- [Working data]
= = = = =
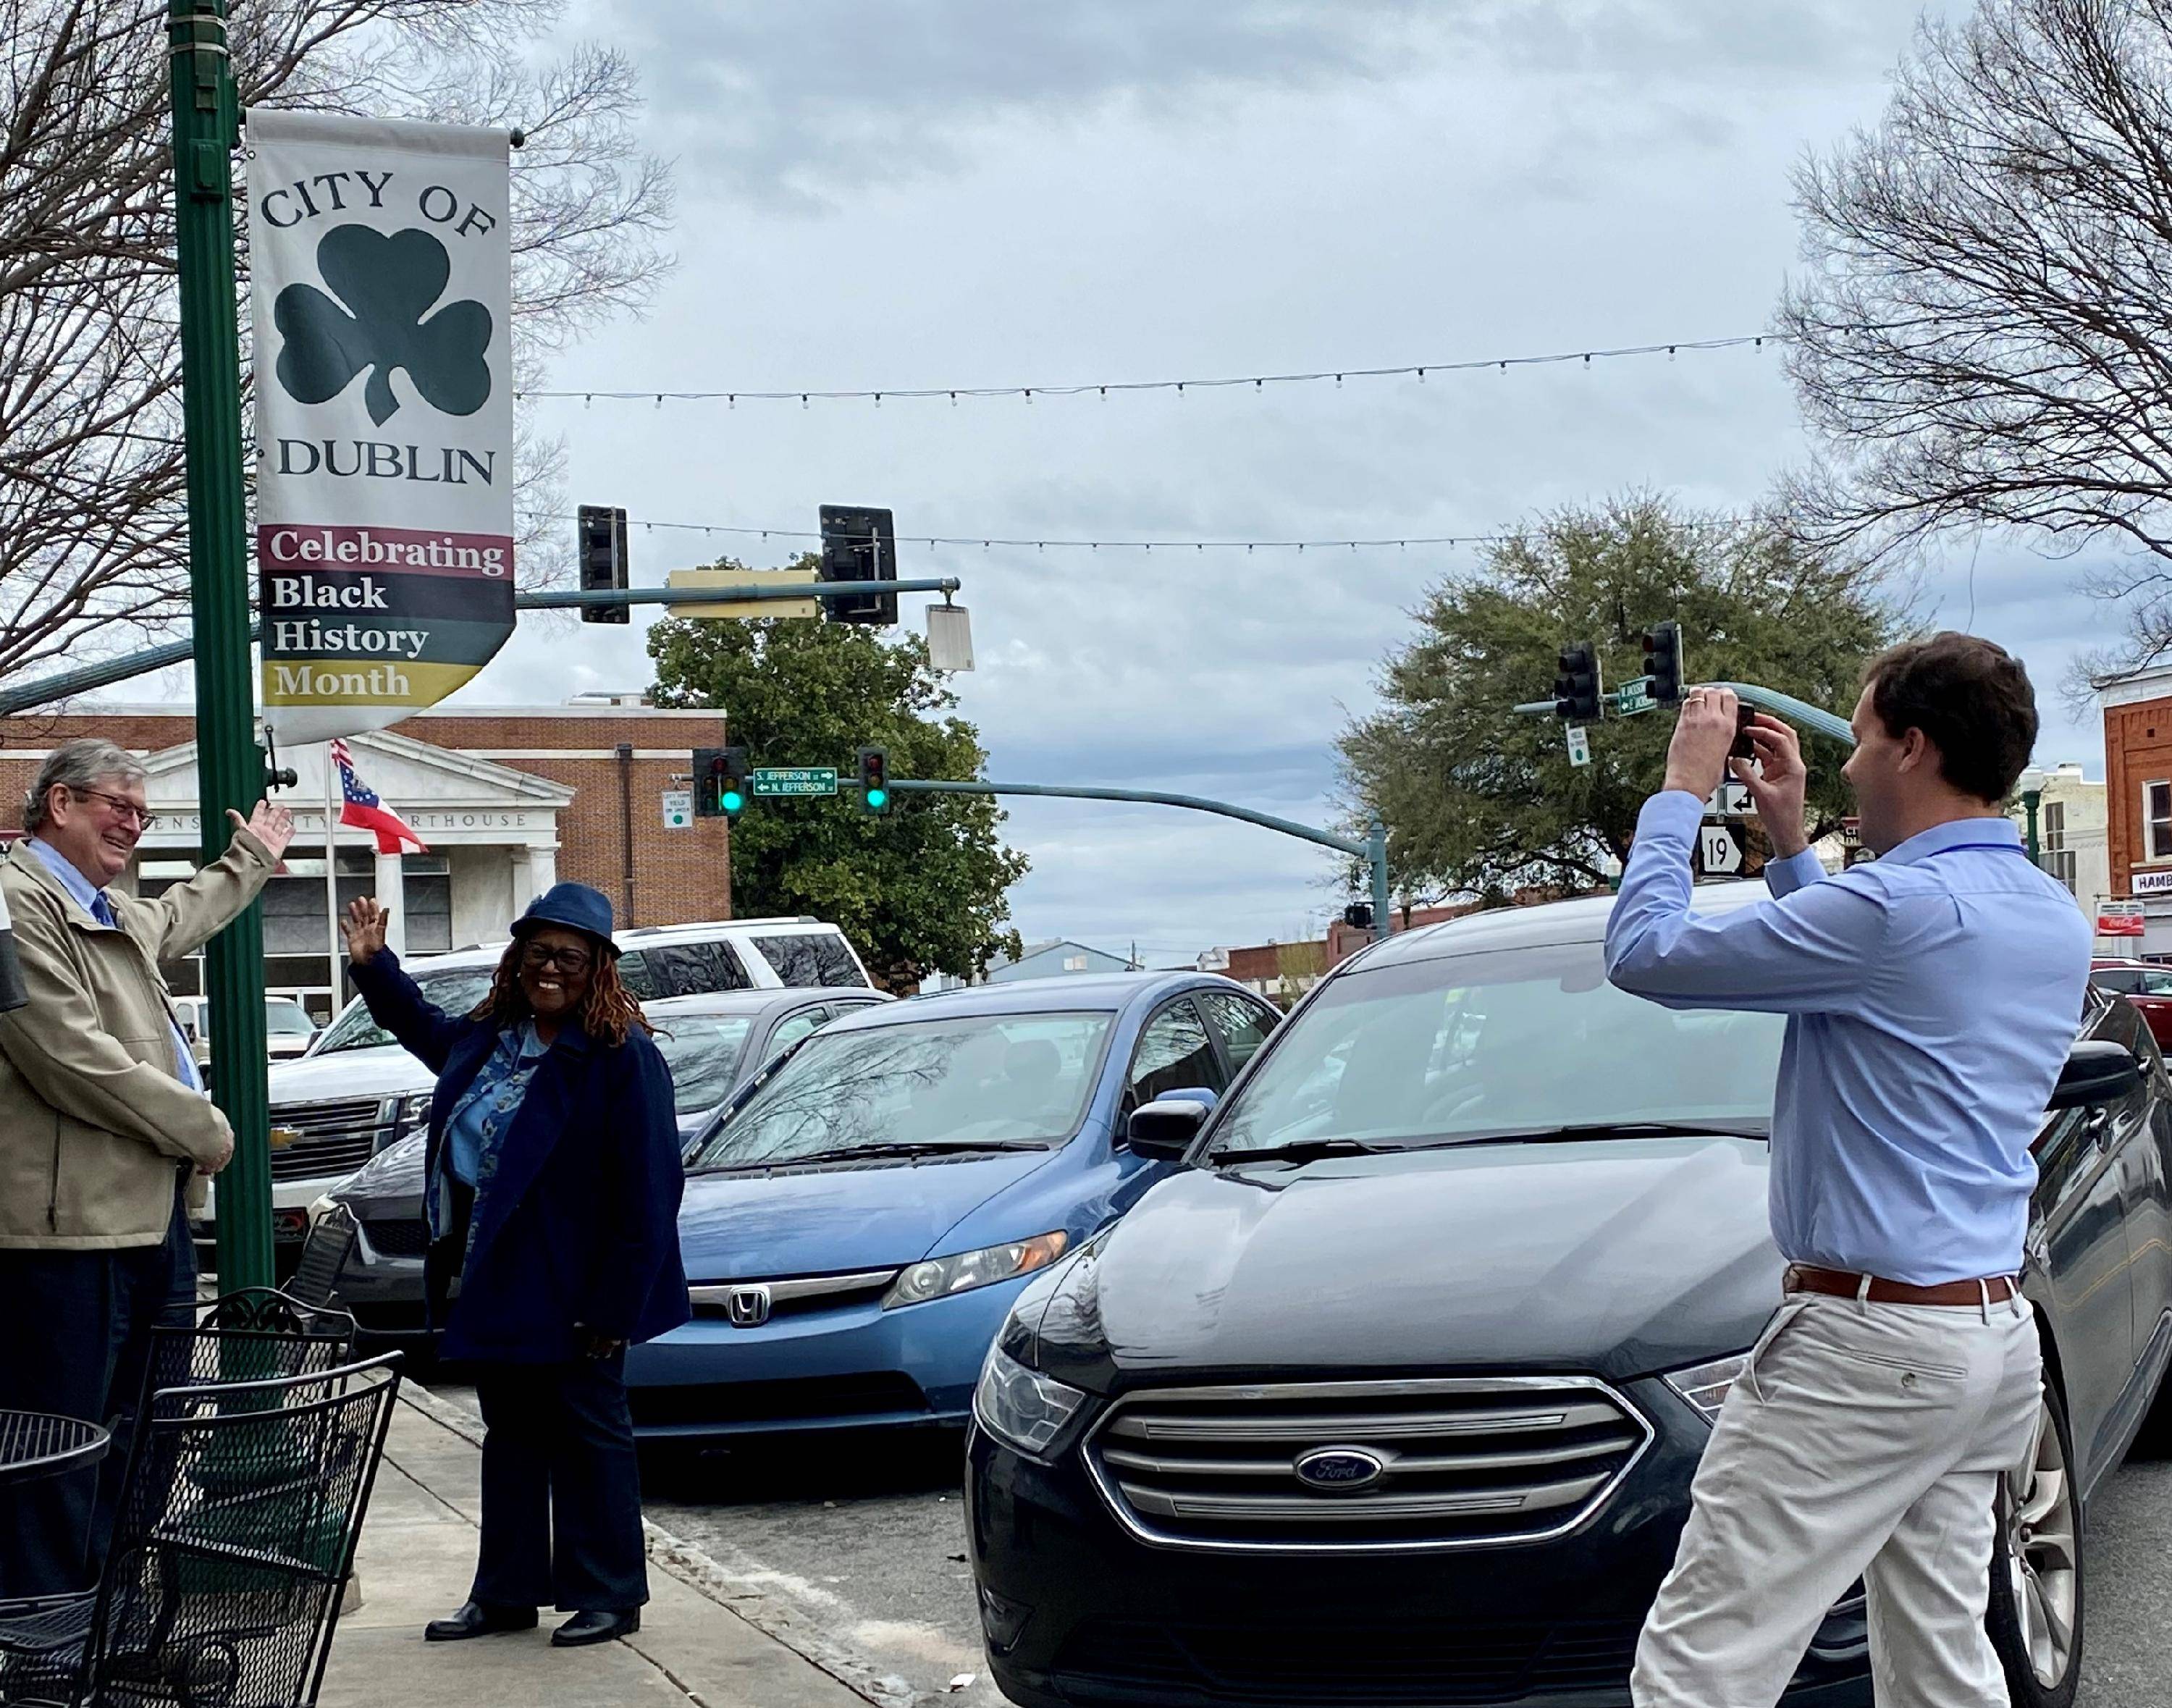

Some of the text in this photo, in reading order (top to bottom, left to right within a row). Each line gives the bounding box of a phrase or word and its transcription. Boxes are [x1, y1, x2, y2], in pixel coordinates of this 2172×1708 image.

[261, 170, 495, 237] CITY OF
[277, 438, 495, 487] DUBLIN
[270, 530, 505, 577] Celebrating
[272, 576, 389, 608] Black
[273, 618, 430, 659] History
[274, 665, 411, 696] Month
[767, 771, 811, 780] JEFFERSON
[782, 783, 825, 791] JEFFERSON
[411, 814, 526, 827] RTHOUSE
[1709, 837, 1727, 865] 19
[1316, 1459, 1358, 1478] Ford
= = = = =
- [What this task involves] What is needed is an exact copy of all the records, minus any pictures.

- [Exercise answer]
Some of the text in this photo, in reading order (top to bottom, left to right within a row). Each line gives the bounding box of a phrase or word and its transcription. Boxes are [x1, y1, x2, y2], in pixel coordinates of this 2172×1708 image.

[261, 170, 495, 237] CITY OF
[277, 438, 495, 487] DUBLIN
[270, 530, 505, 577] Celebrating
[272, 576, 389, 608] Black
[273, 618, 430, 659] History
[274, 665, 411, 696] Month
[767, 771, 811, 780] JEFFERSON
[782, 783, 825, 791] JEFFERSON
[411, 814, 526, 827] RTHOUSE
[1709, 837, 1727, 865] 19
[1316, 1459, 1358, 1478] Ford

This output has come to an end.